Zon and Kaufman believe that their findings could lead to a new genetic test for suspicious moles to see whether the cells are behaving like neural crest cells, indicating that the stem-cell program has been turned on.
Additionally, they’re investigating the regulatory elements that turn on the genetic program (known as super-enhancers). These DNA elements have epigenetic functions that are similar in zebrafish and human melanoma, and could potentially be targeted with drugs to stop a mole from becoming cancerous.
A Paradigm Shift for Cancer?
Zon and Kaufman believe their findings have relevance to most if not all cancers, not just melanoma. Going back to the old concept of field cancerization, they propose that normal tissue becomes primed for cancer when oncogenes are activated and tumor suppressor genes are silenced or lost, but that cancer develops only when a cell in the tissue reverts to a more primitive, embryonic state and starts dividing.
Read more on this study in the New York Times. The study was supported by the National Institutes of Health (R01 CA103846), the National Institute of Arthritis and Musculoskeletal and Skin Diseases (K08 AR061071), the Ellison Foundation, the Melanoma Research Alliance, the V Foundation and the Howard Hughes Medical Institute. Leonard Zon is a founder and stockholder of Fate, Inc. and Scholar Rock.
Great article. Great patient education info. Glad to be a breast cancer survivor as well as a health care provider who can educate patients to the latest.
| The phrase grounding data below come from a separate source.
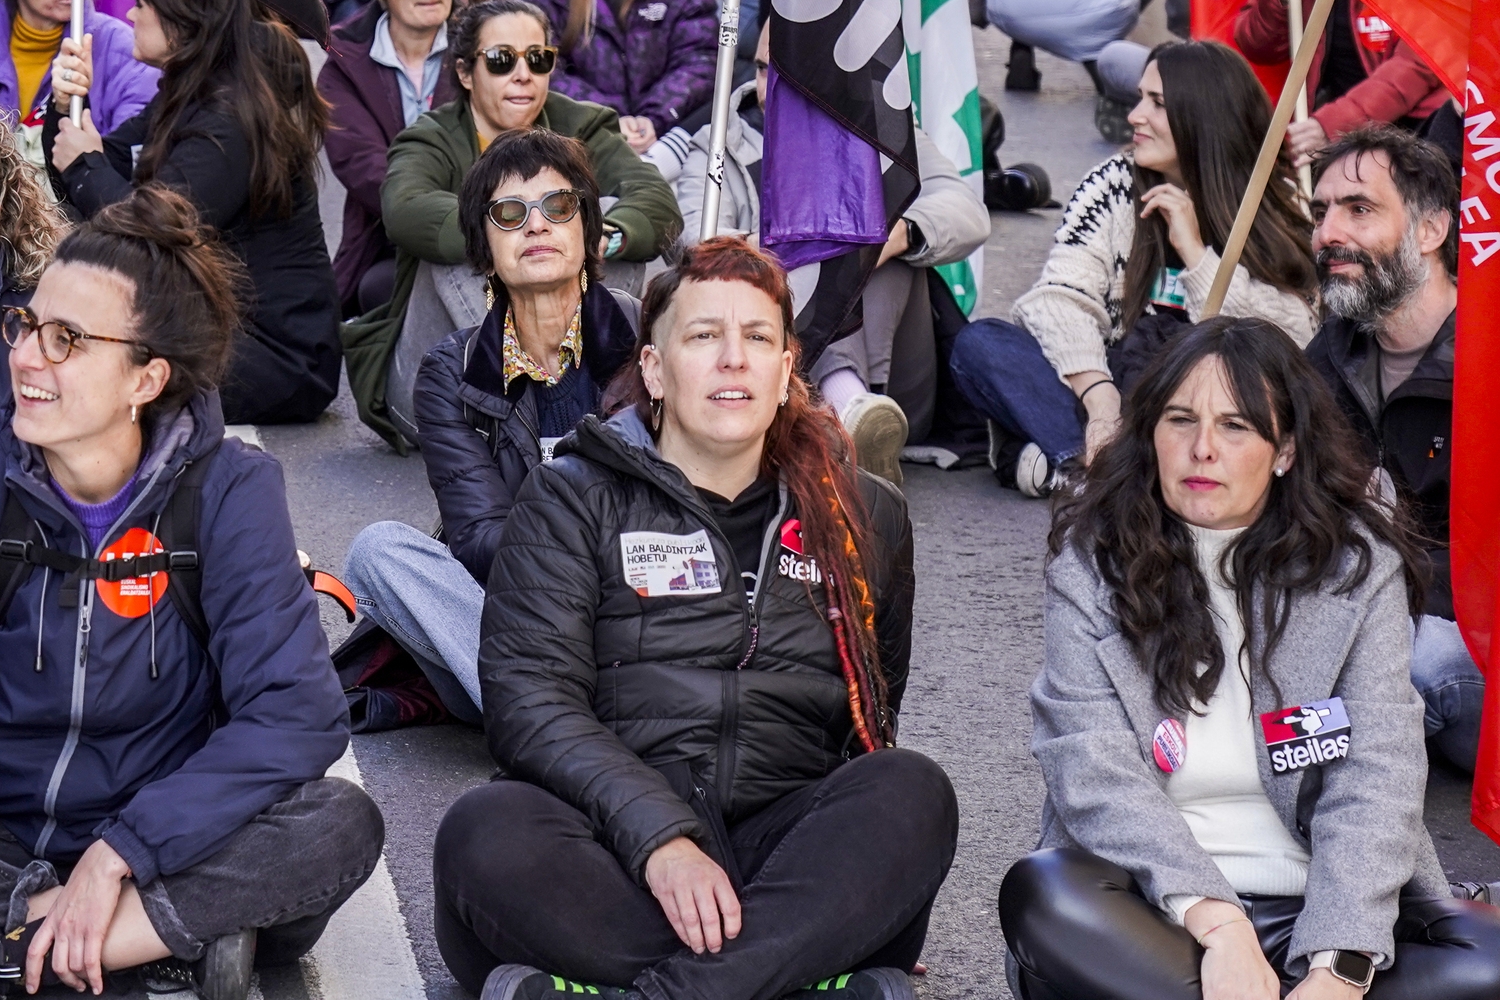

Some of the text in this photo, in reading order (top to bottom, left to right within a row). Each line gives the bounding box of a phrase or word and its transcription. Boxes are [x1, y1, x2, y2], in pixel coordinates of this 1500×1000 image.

[626, 543, 707, 555] LAN BALDINTZAK
[627, 554, 667, 564] HOBETU!
[1272, 734, 1350, 772] steilas
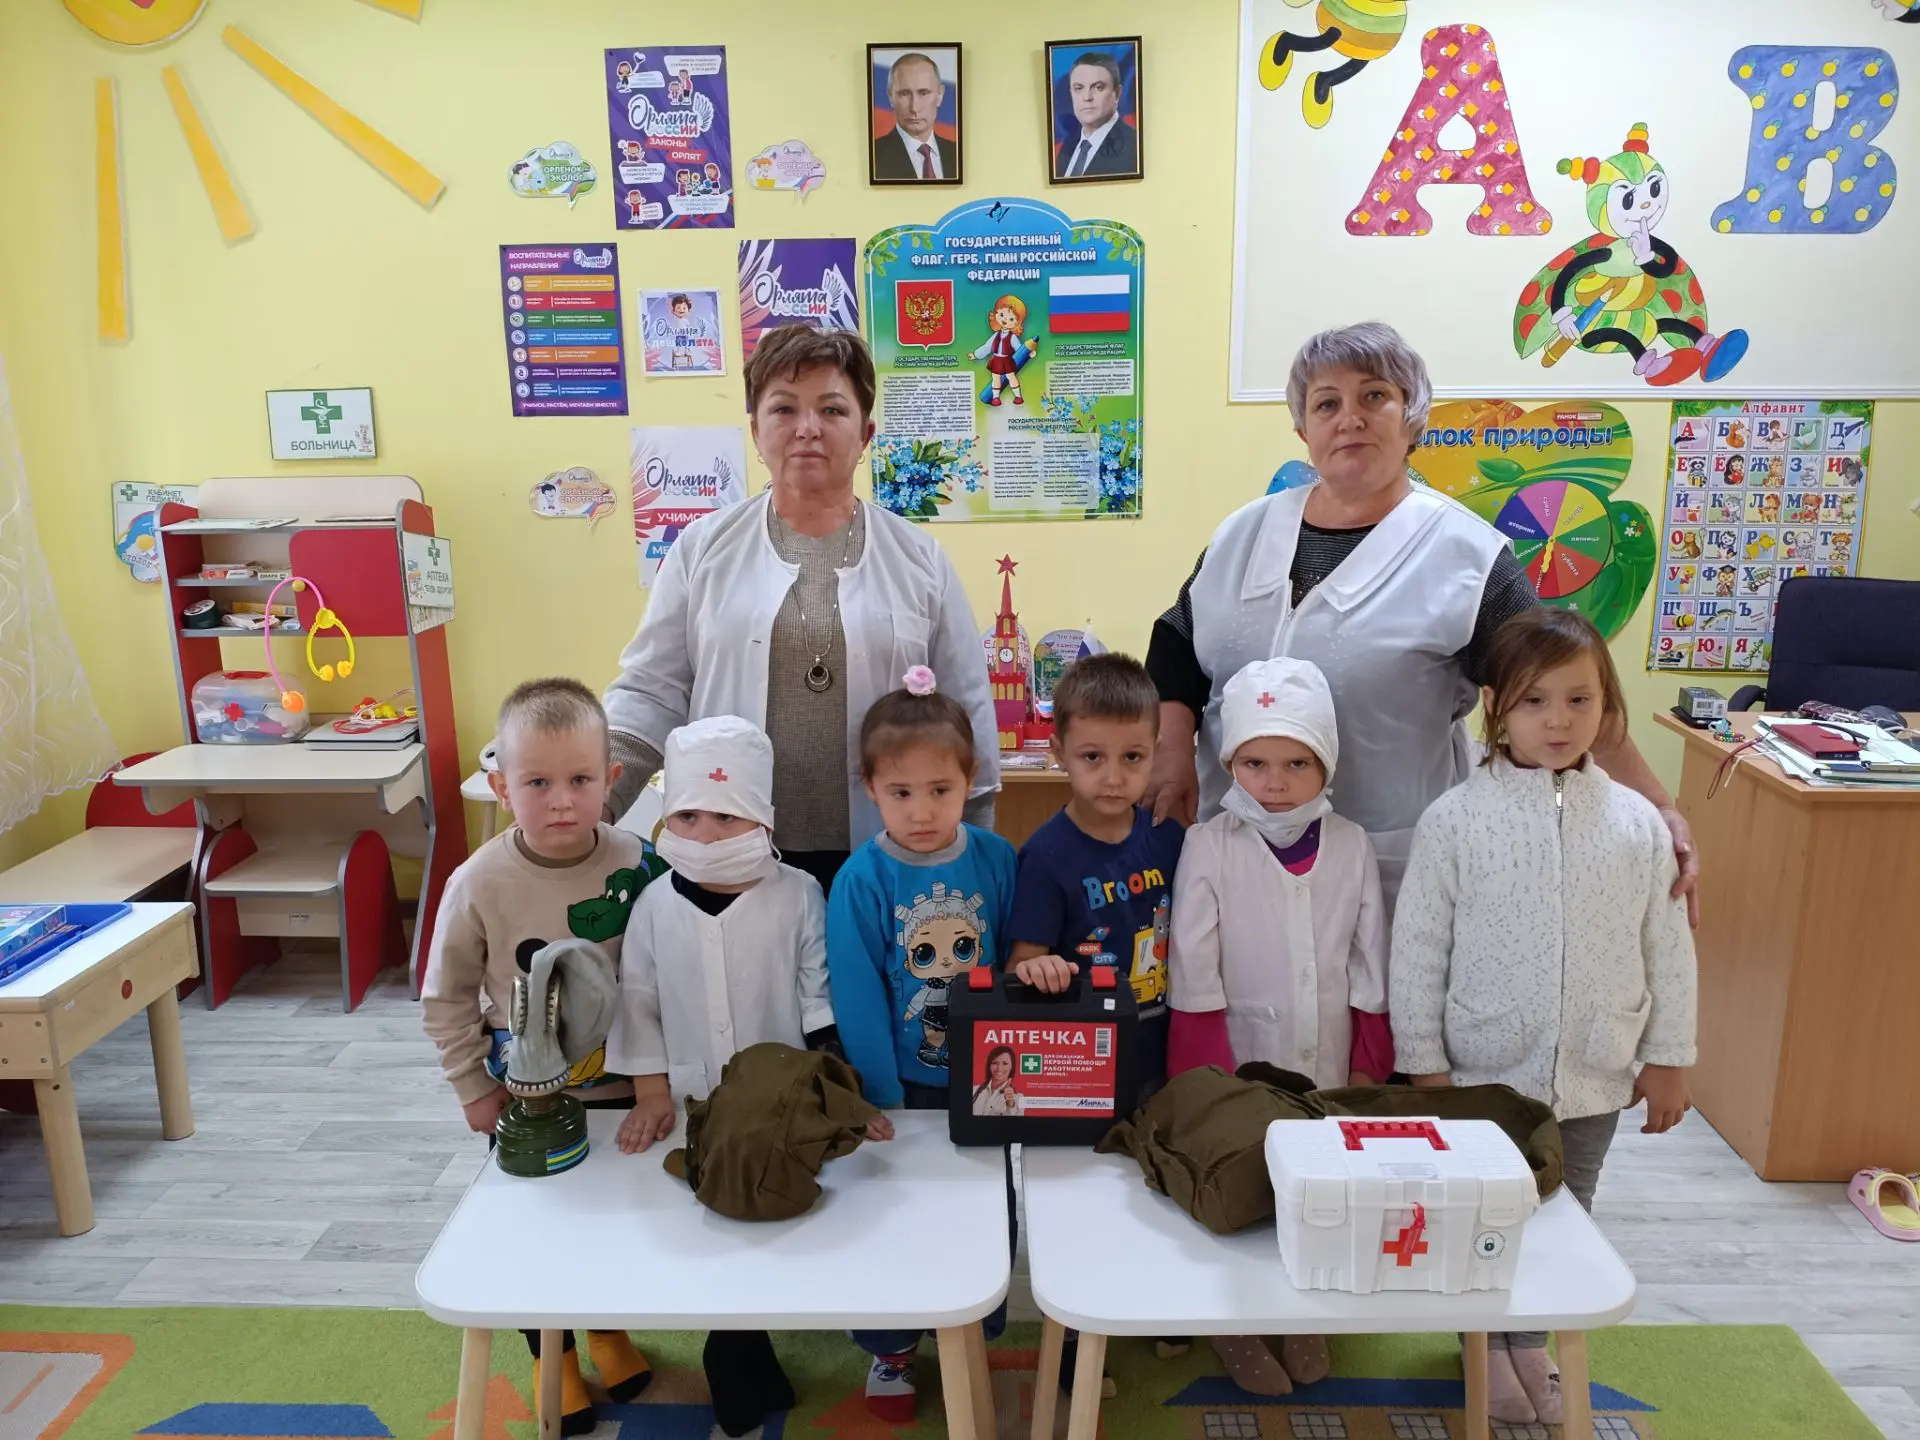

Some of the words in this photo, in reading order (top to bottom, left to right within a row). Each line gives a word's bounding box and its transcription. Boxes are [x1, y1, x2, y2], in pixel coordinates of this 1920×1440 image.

[629, 95, 699, 131] Орлята
[649, 138, 687, 148] ЗАКОНЫ
[671, 151, 702, 161] ОРЛЯТ
[550, 174, 583, 182] ЭКОЛОГ
[945, 231, 1062, 248] ГОСУДАРСТВЕННЫЙ
[508, 251, 571, 260] ВОСПИТАТЕЛЬНЫЕ
[985, 251, 1018, 265] ГИМН
[1020, 247, 1097, 263] РОССИЙСКОЙ
[510, 262, 559, 270] НАПРАВЛЕНИЯ
[967, 268, 1041, 283] ФЕДЕРАЦИИ
[755, 273, 828, 309] Орлята
[655, 318, 699, 337] Орлята
[1741, 402, 1806, 416] Алфавит
[1681, 421, 1694, 437] А
[1718, 422, 1730, 437] Б
[1757, 422, 1769, 437] В
[1794, 422, 1806, 437] Г
[1830, 422, 1846, 439] Д
[290, 440, 357, 452] БОЛЬНИЦА
[1484, 427, 1613, 452] природы
[1677, 456, 1688, 472] Е
[1750, 457, 1769, 472] Ж
[1790, 457, 1802, 472] З
[1827, 457, 1842, 472] И
[645, 456, 717, 491] Орлята
[146, 495, 185, 504] ПЕДИАТРА
[147, 489, 182, 497] КАБИНЕТ
[1711, 493, 1723, 508] К
[1749, 493, 1765, 508] Л
[1786, 493, 1802, 508] М
[1823, 494, 1838, 509] Н
[657, 512, 704, 523] УЧИМС
[1507, 521, 1536, 535] вторник
[1671, 530, 1684, 545] О
[1707, 530, 1721, 545] П
[1747, 530, 1758, 545] Р
[1783, 530, 1795, 545] С
[1820, 531, 1832, 546] Т
[1561, 553, 1579, 576] суббота
[426, 570, 450, 583] АПТЕКА
[1668, 566, 1681, 581] У
[1702, 566, 1717, 581] Ф
[1742, 566, 1756, 582] Х
[1660, 637, 1673, 651] Э
[1697, 638, 1715, 652] Ю
[1735, 638, 1749, 653] Я
[1082, 868, 1165, 910] Broom
[1094, 954, 1113, 964] CITY
[984, 1029, 1087, 1045] АПТЕЧКА
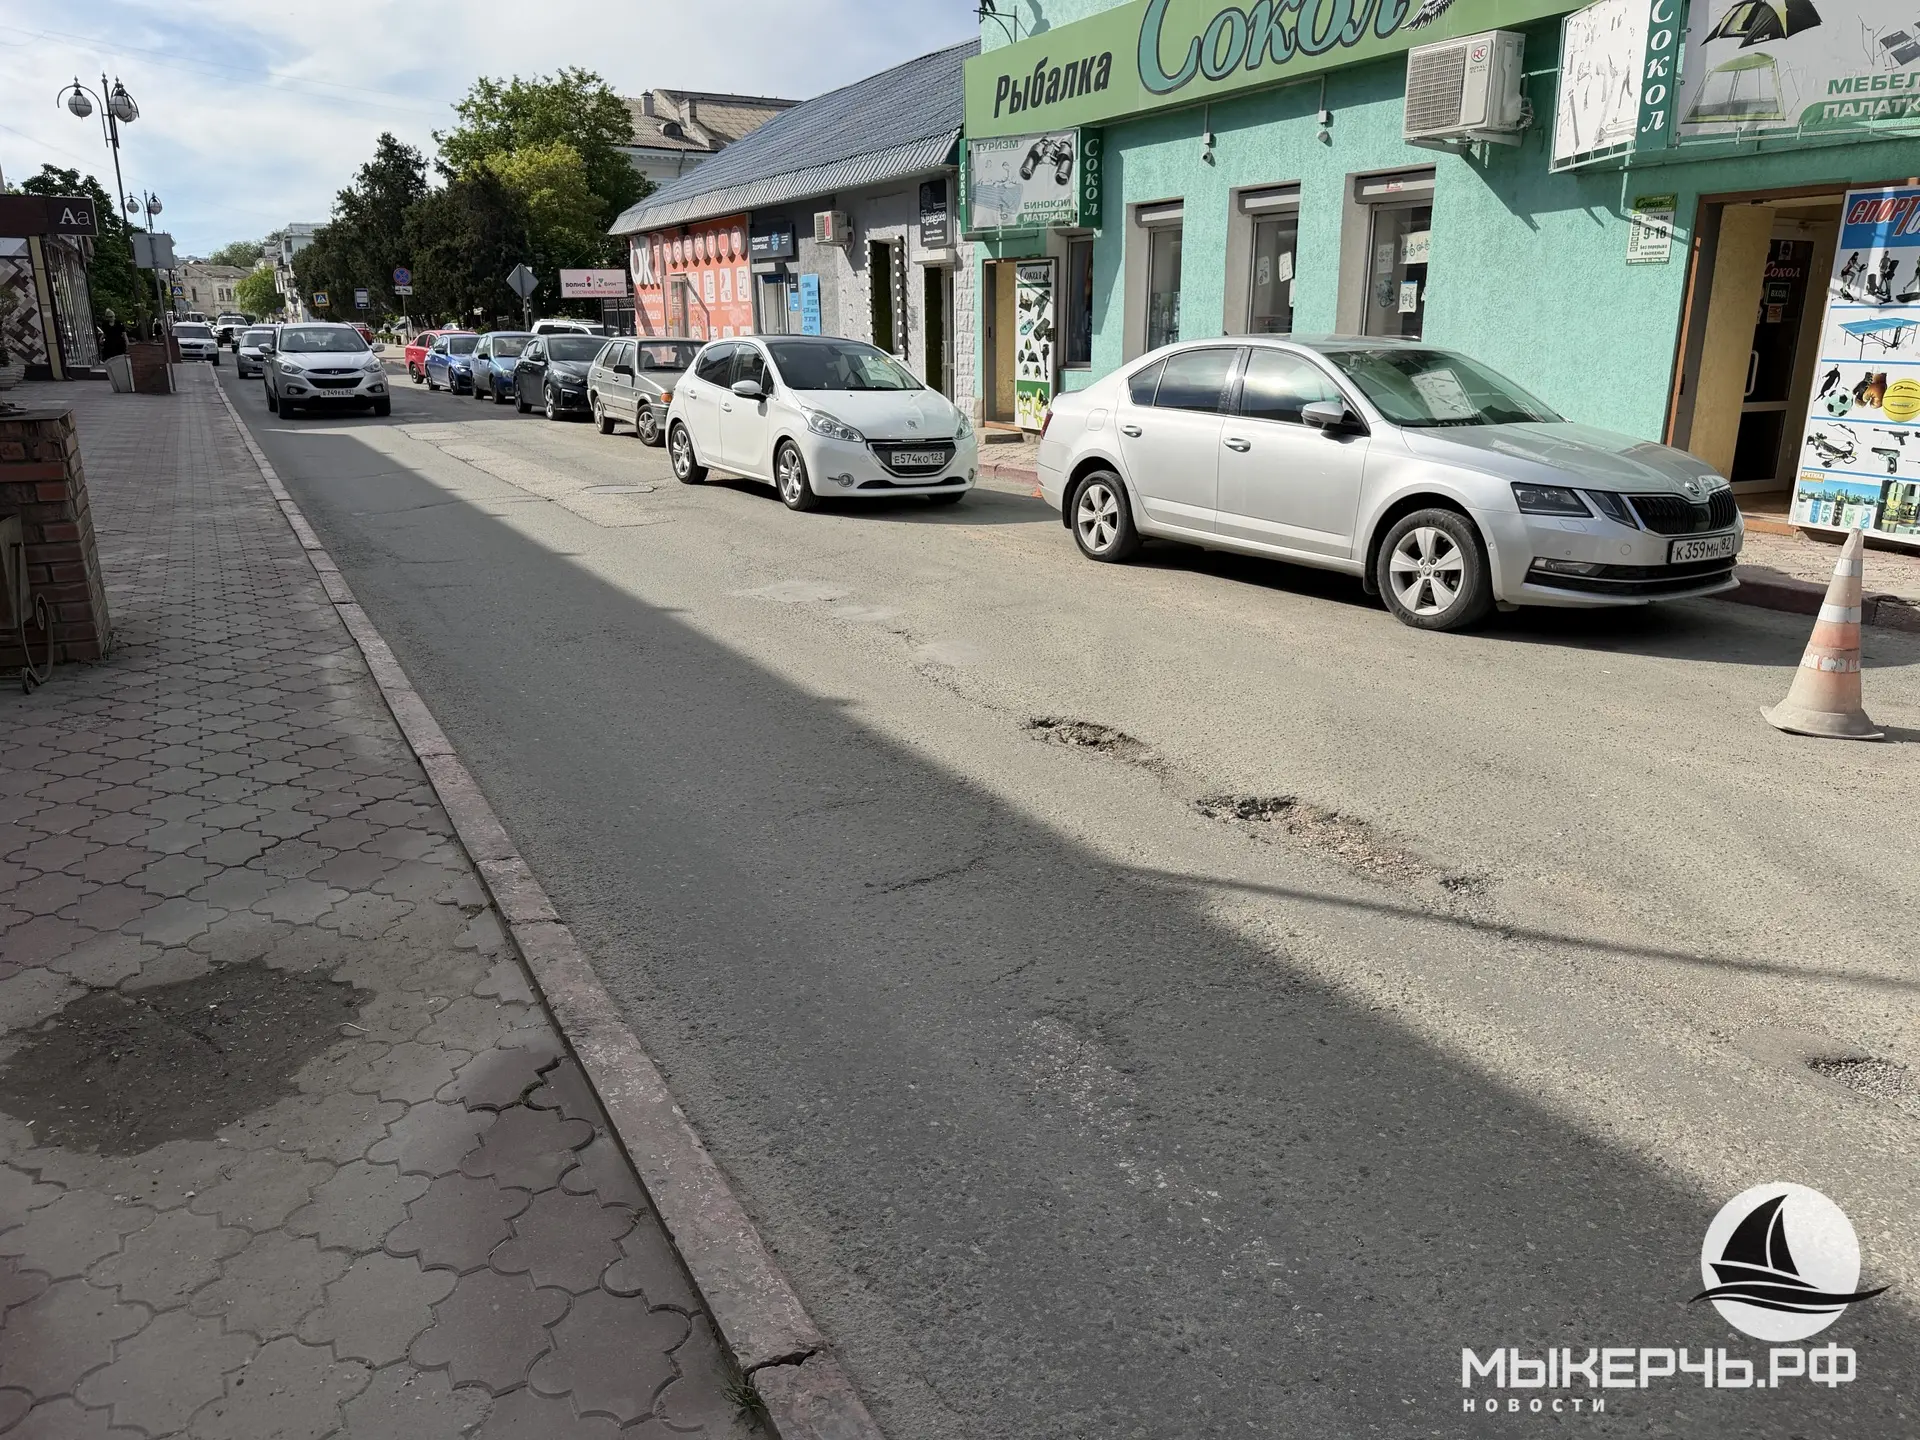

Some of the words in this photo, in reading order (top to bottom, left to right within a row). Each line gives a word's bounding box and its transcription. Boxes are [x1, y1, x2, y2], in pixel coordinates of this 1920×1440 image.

[1137, 0, 1407, 95] Сокол
[1641, 0, 1673, 133] Сокол
[994, 51, 1113, 118] Рыбалка
[976, 140, 1019, 152] ТУРИЗМ
[1084, 138, 1099, 215] Сокол
[1023, 199, 1071, 215] БИНОКЛИ
[1023, 211, 1071, 227] МАТРАЦЫ
[1643, 225, 1667, 240] 9-18
[1764, 261, 1801, 278] Сокол
[1770, 289, 1787, 298] ВХОД
[930, 452, 943, 461] 123
[1721, 536, 1731, 551] 82
Question, if the cells are being taken back to a stem cell state, what differentiates the embryo state (e.g growing baby) from this reverse to the stem cell state? What causes the embryo stem cells to shut off when a baby is first forming to keep babies from developing cancer? Or stating another way, when the cells are taken back to their stem cell state, how can scientists shut them off to that they dont become cancerous?